Eco-packaging meets “clean” formulas”

Partially recycled glass, pumps that can be unscrewed to facilitate recycling flacons, boxes free of cellophane: as environmental pressures increase, these practices, unimaginable in the fragrance industry just a few years ago, are becoming widespread. Home and in-store refills are also more common, often among larger brands that can afford the investment. Guerlain and Dior have whole-heartedly embraced the at-home refill system (Techniplast) for Aqua Allegoria and Sauvage, respectively. Chanel is in the process of installing a refill service in select stores for five of its perfumes. For quality reasons, the initial flacon can only be reused a certain number of times; refill dates will be recorded in a booklet.

Fragrance formulations are also getting cleaner. That said, 100%-organic is not yet the norm; synthetic molecules of petrochemical origin remain essential to creating olfactory formulas. Composition houses are working to develop green chemistry, but until they come up with innovative substitutes for synthetic molecules, the search for clean is setting the tone.

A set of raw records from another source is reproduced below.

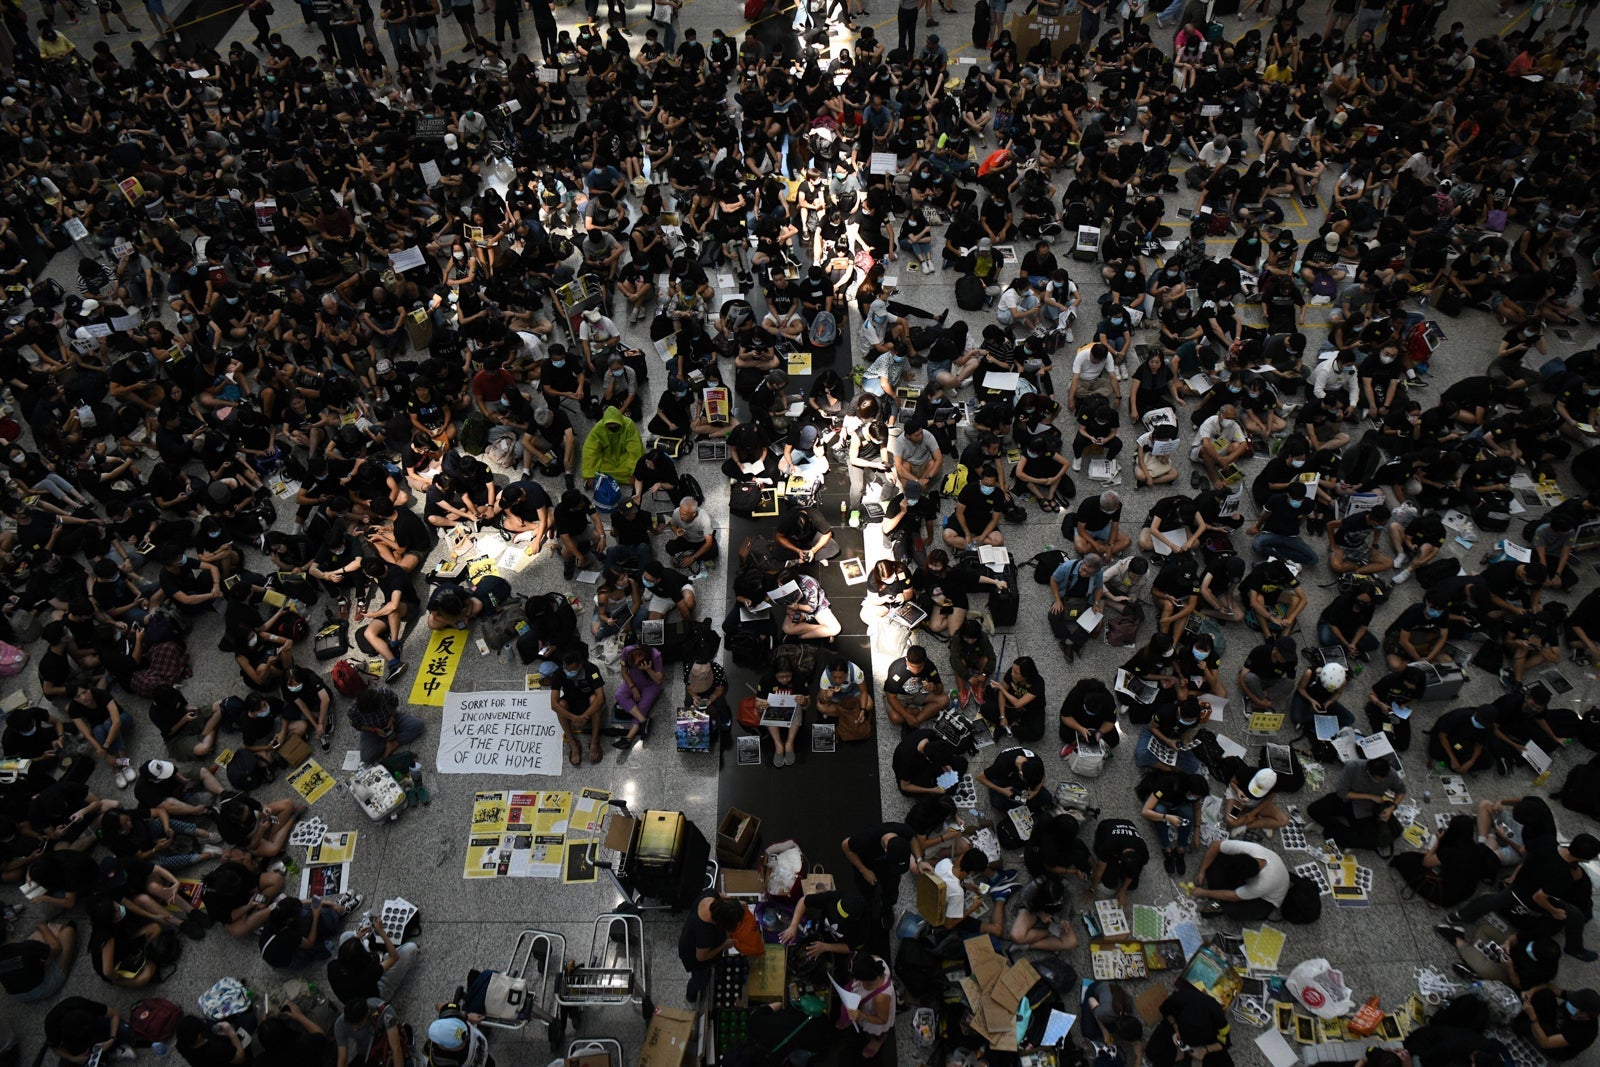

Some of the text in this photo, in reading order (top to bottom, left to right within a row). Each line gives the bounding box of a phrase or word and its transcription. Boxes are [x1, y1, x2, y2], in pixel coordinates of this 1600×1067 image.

[424, 635, 455, 697] 反送中
[461, 698, 528, 710] SORRY FOR THE
[461, 712, 531, 722] INCONVENIENCE
[454, 723, 556, 736] WE ARE FIGHTING
[470, 738, 542, 754] THE FUTURE
[454, 751, 542, 769] OF OUR HOME

Niche brand PH Fragrances has a head start in the matter: launched in late 2018 after two years of R&D, the company produces household and body care products, as well as fragrances. “When I went to suppliers with my specifications and list of controversial ingredients to avoid, they looked at me like I was nuts—that approach didn’t exist yet,” recalls the Founder, Camille Le Feuvre. “Today, I know that it inspires numerous brands.” Biodegradable and free of UV filters, her brand’s fra-grance formulations contain up to 98% natural ingredients, which include Givaudan’s Orpurs, a collection of highend, natural raw materials for building fragrances.

Alternative models

Brands big and small are getting onboard. Guerlain’s new collection Aqua Allegoria Forte and the new, intense eau de parfum La Petite Robe Noire claim to be clean. The need for a natural approach can be expressed in other ways. This fall, for example, Dior is releasing its first alcohol-free perfume, J’Adore Parfum d’Eau. Designed to deliver an intense, long-lasting fragrance, the formula uses a nano-emulsion of water and oil meant to create a sensation of being enveloped in a velvety cloud when sprayed. Developing renewed formats and gestures is an ongoing task. The fragrance industry is forever trying to escape the spray pump’s predominance by exploring oils, creams, powders, and other options.

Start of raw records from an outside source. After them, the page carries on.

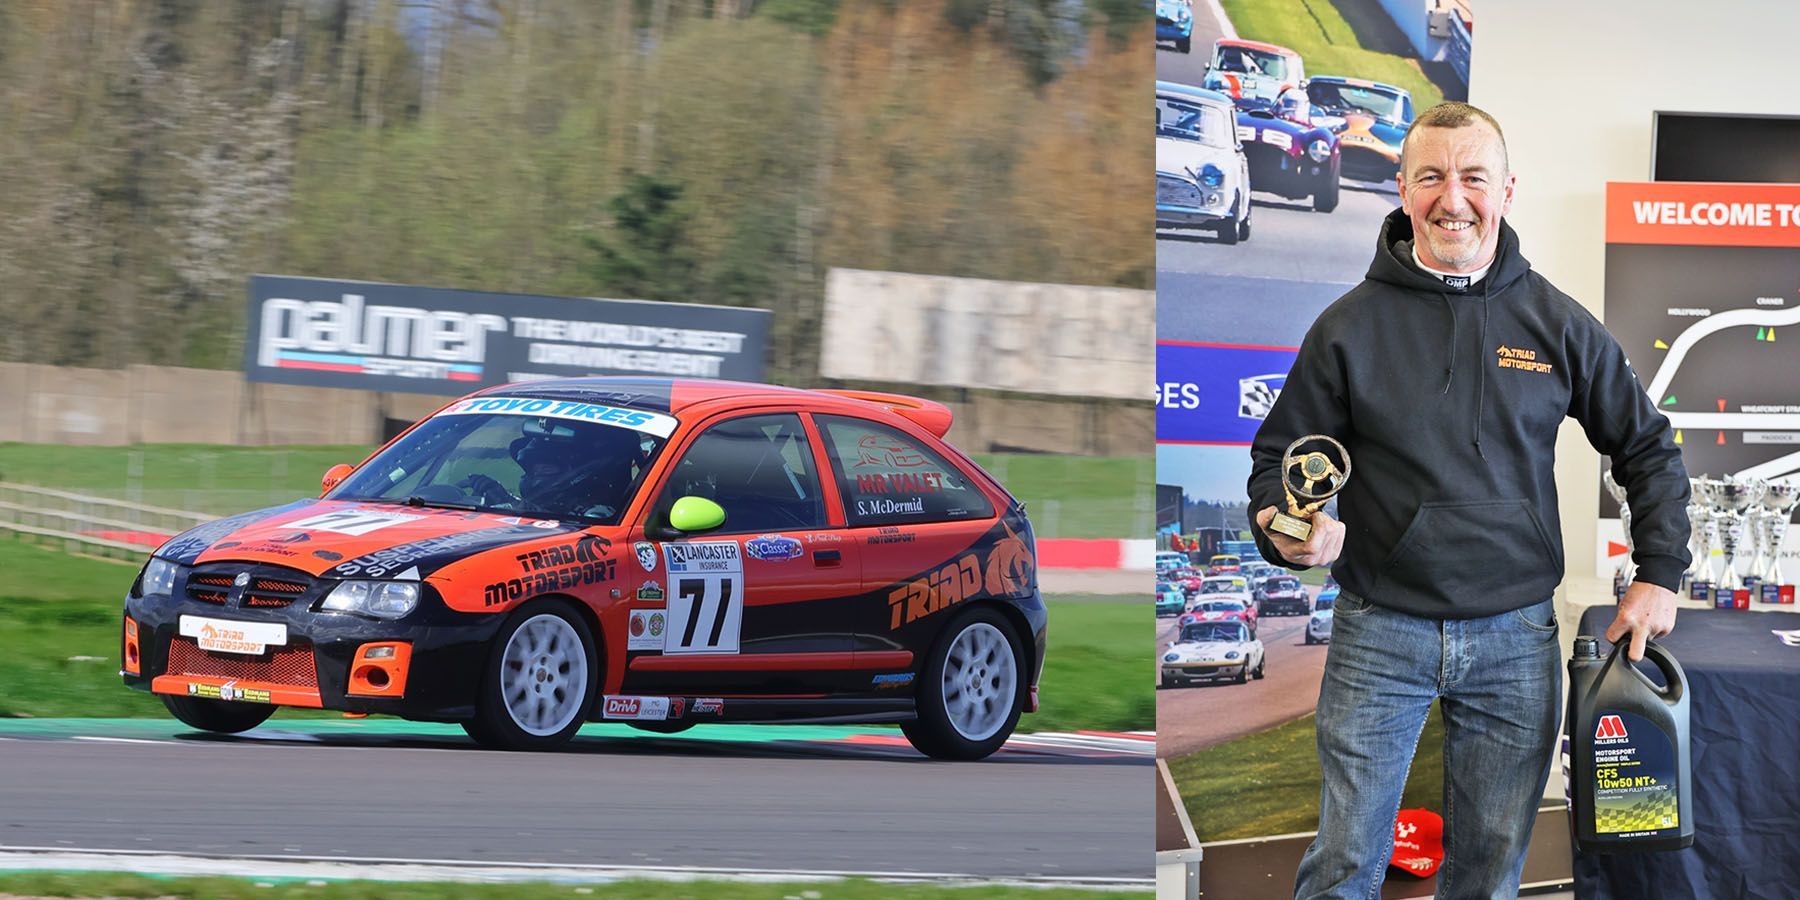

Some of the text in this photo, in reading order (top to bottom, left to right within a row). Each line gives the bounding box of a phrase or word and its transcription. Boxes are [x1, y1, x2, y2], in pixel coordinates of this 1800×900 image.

[1632, 201, 1772, 226] WELCOME
[257, 294, 508, 368] palmer
[1510, 348, 1536, 360] TRIAD
[1498, 358, 1552, 373] MOTORSPORT
[1156, 382, 1200, 409] ES
[464, 399, 553, 413] TOYO
[553, 402, 657, 426] TIRES
[856, 472, 945, 494] MR VALET
[858, 497, 924, 516] S. McDermid
[867, 533, 917, 545] MOTORSPORT
[685, 545, 737, 560] LANCASTER
[760, 541, 788, 555] Classic
[516, 544, 575, 572] TRIAD
[699, 561, 728, 570] INSURANCE
[484, 558, 617, 607] MOTORSPORT
[888, 553, 982, 630] TRIAD
[200, 637, 263, 652] MOTORSPORT
[609, 699, 637, 713] Drive
[1595, 748, 1636, 756] MOTORSPORT
[1596, 768, 1618, 779] CFS
[1597, 776, 1656, 789] 10w50 NT+
[1598, 787, 1628, 795] COMPETITION
[1643, 784, 1668, 792] SYNTHETIC
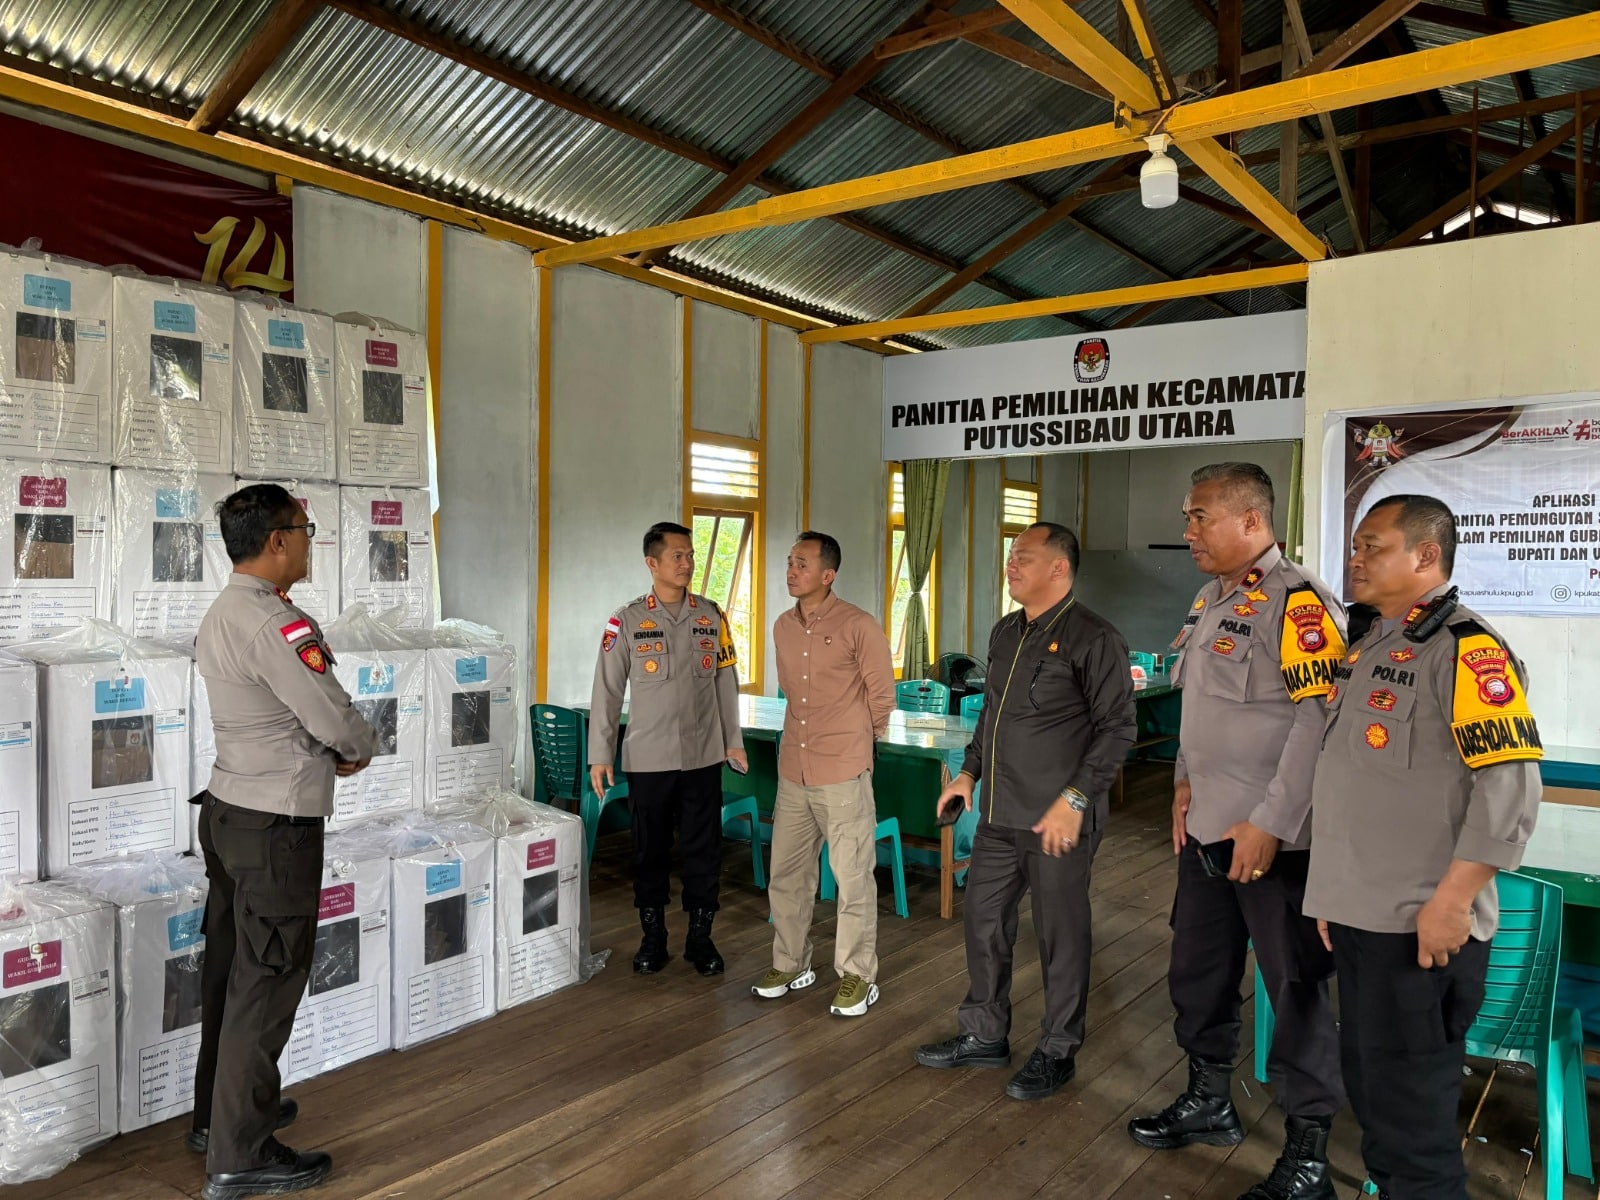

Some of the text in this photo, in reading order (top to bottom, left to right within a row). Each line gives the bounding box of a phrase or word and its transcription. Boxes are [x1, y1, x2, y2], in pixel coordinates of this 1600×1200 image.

[891, 397, 986, 428] PANITIA
[992, 383, 1139, 421] PEMILIHAN
[963, 409, 1236, 451] PUTUSSIBAU UTARA
[1502, 427, 1569, 438] BerAKHLAK
[1532, 494, 1596, 508] APLIKASI
[1499, 511, 1593, 526] PEMUNGUTAN
[1489, 530, 1565, 544] PEMILIHAN
[1569, 529, 1600, 543] GUB
[1507, 548, 1554, 561] BUPATI
[1560, 548, 1587, 561] DAN
[692, 627, 719, 637] POLRI
[1217, 619, 1251, 638] POLRI
[1371, 665, 1415, 688] POLRI

Currently, solid fragrance appears to be the most promising alternative to liquids. Newcomer Nolença has developed a creamy, 98%-natural solid perfume that shimmers on the skin. The packaging consists of a small glass jar (forgoing the need for nonrecyclable pump) that weighs 50g and holds 7g of product. According to the brand, its product lasts as long as 50ml of liquid perfume presented in a flacon that weighs about 200g. That translates to less glass produced, and reduced transport and storage volume.

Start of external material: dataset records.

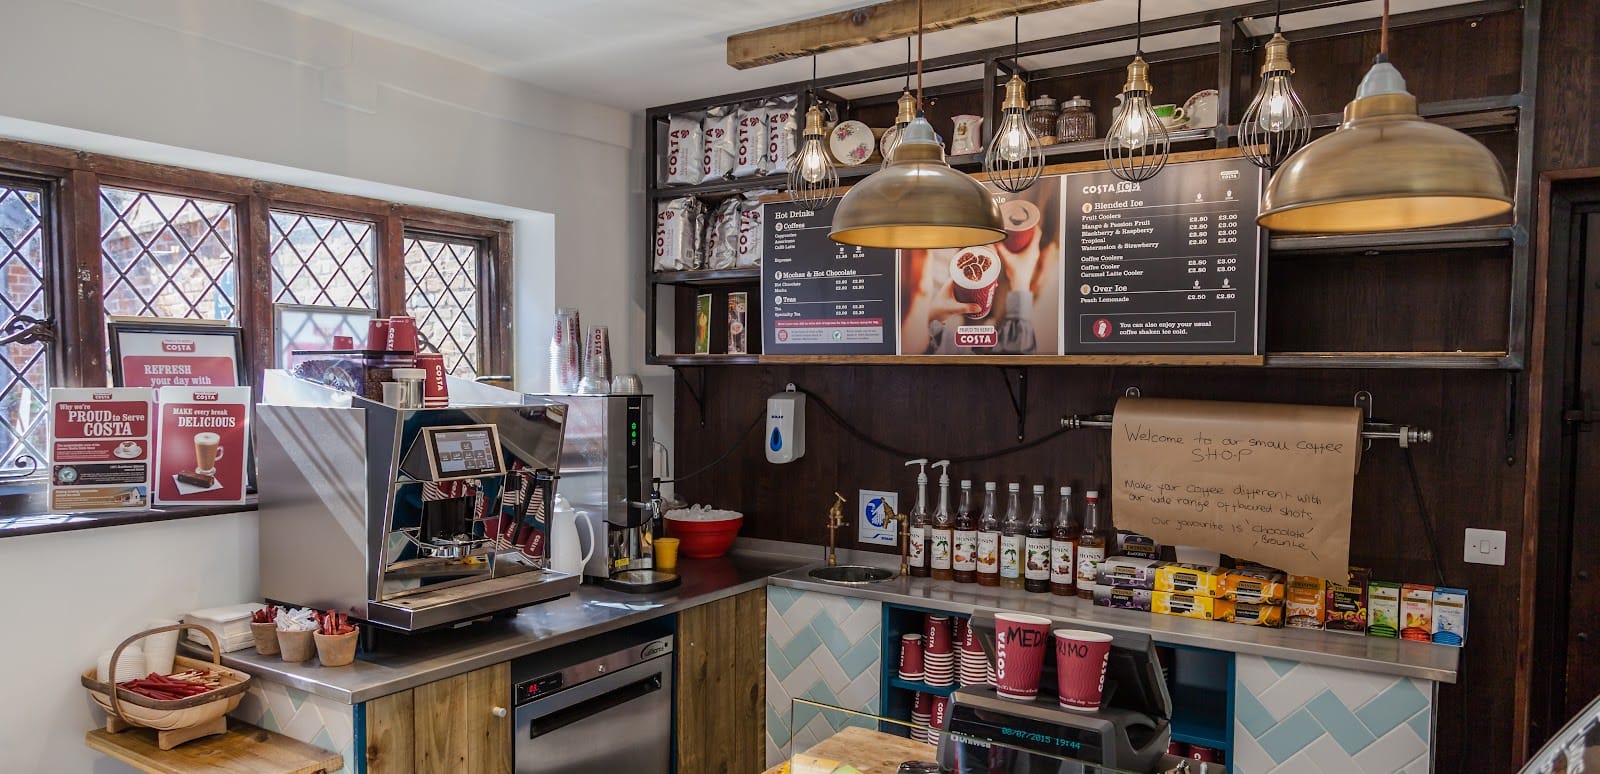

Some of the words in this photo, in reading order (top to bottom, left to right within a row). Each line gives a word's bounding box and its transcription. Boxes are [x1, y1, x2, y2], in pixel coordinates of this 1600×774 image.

[738, 116, 749, 166] COSTA
[769, 113, 780, 164] COSTA
[669, 129, 680, 176] COSTA
[703, 127, 714, 176] COSTA
[1082, 183, 1115, 195] COSTA
[1094, 201, 1128, 211] Blended
[1130, 199, 1144, 208] Ice
[775, 211, 789, 220] Hot
[790, 209, 816, 219] Drinks
[739, 208, 750, 255] COSTA
[783, 222, 805, 230] Coffees
[1081, 223, 1102, 232] Mango
[1110, 221, 1133, 229] Passion
[1134, 219, 1151, 227] Fruit
[657, 211, 666, 257] COSTA
[1081, 230, 1115, 239] Blackberry
[1122, 227, 1154, 236] Raspberry
[1081, 237, 1106, 246] Tropical
[1081, 245, 1116, 253] Watermelon
[1123, 242, 1159, 251] Strawberry
[1080, 255, 1099, 263] Coffee
[1100, 254, 1124, 262] Coolers
[1080, 263, 1099, 271] Coffee
[1100, 262, 1120, 270] Cooler
[782, 271, 806, 279] Mochas
[813, 269, 825, 277] Hot
[825, 268, 857, 277] Chocolate
[1080, 270, 1105, 279] Caramel
[1106, 269, 1122, 277] Latte
[1092, 285, 1113, 293] Over
[1115, 284, 1128, 292] Ice
[1099, 295, 1130, 303] Lemonade
[1119, 321, 1131, 329] You
[1158, 321, 1176, 329] enjoy
[1177, 321, 1192, 329] your
[1193, 319, 1212, 327] usual
[1119, 328, 1137, 336] coffee
[1138, 328, 1160, 336] shaken
[1161, 327, 1172, 335] ice
[594, 328, 602, 356] COSTA
[960, 334, 992, 345] COSTA
[166, 344, 192, 352] COSTA
[144, 364, 192, 375] REFRESH
[150, 377, 171, 388] your
[172, 376, 189, 387] day
[191, 375, 212, 386] with
[435, 364, 444, 392] COSTA
[59, 403, 73, 412] Why
[172, 407, 192, 415] MAKE
[193, 409, 210, 418] every
[211, 407, 228, 416] break
[68, 410, 111, 422] PROUD
[112, 414, 120, 422] to
[121, 413, 145, 421] Serve
[178, 415, 236, 428] DELICIOUS
[83, 422, 133, 436] COSTA
[1124, 423, 1185, 444] Welcome
[1193, 431, 1212, 445] to
[1222, 438, 1243, 446] our
[1248, 438, 1291, 451] small
[1124, 480, 1153, 492] Make
[1233, 484, 1293, 500] different
[1297, 494, 1322, 505] with
[1150, 495, 1172, 505] wide
[1176, 497, 1210, 512] range
[1216, 500, 1231, 513] of
[1151, 516, 1170, 526] Our
[1176, 518, 1225, 533] favourite
[996, 631, 1006, 680] COSTA
[1097, 651, 1110, 693] COSTA
[936, 702, 944, 724] COSTA
[1001, 726, 1051, 744] 08/07/2015
[1055, 737, 1081, 750] 19:44

Solid fragrances are ideal for layering, a gesture that allows customers to combine several fragrances to achieve a personalized perfume. New brands are making this a key positioning element. “Although it’s currently a trend in the West, the practice has existed since Antiquity in the Middle East,” says Gérald Ghislain. “What might seem sacrilegious to purists is quite natural for younger generations who appreciate playfulness.”

Gender-bending scents

Brands are listening to younger consumers on social issues and issues of gender. Niche fragrances have long contributed to removing gender from the industry, initially for monetary reasons: it’s simply less expensive to invest in a single glass flacon. Today, brands can take a more explicit approach to positioning. Initiated by brand creator Majda Bekkali, the recently launched French ready-to- wear brand Genderfluid now offers three fragrances, with evocative names like IEL, Lovely Queer, and Enby. Most would agree that scents are not masculine or feminine in and of themselves, and that an openminded fragrance industry is the industry of the future.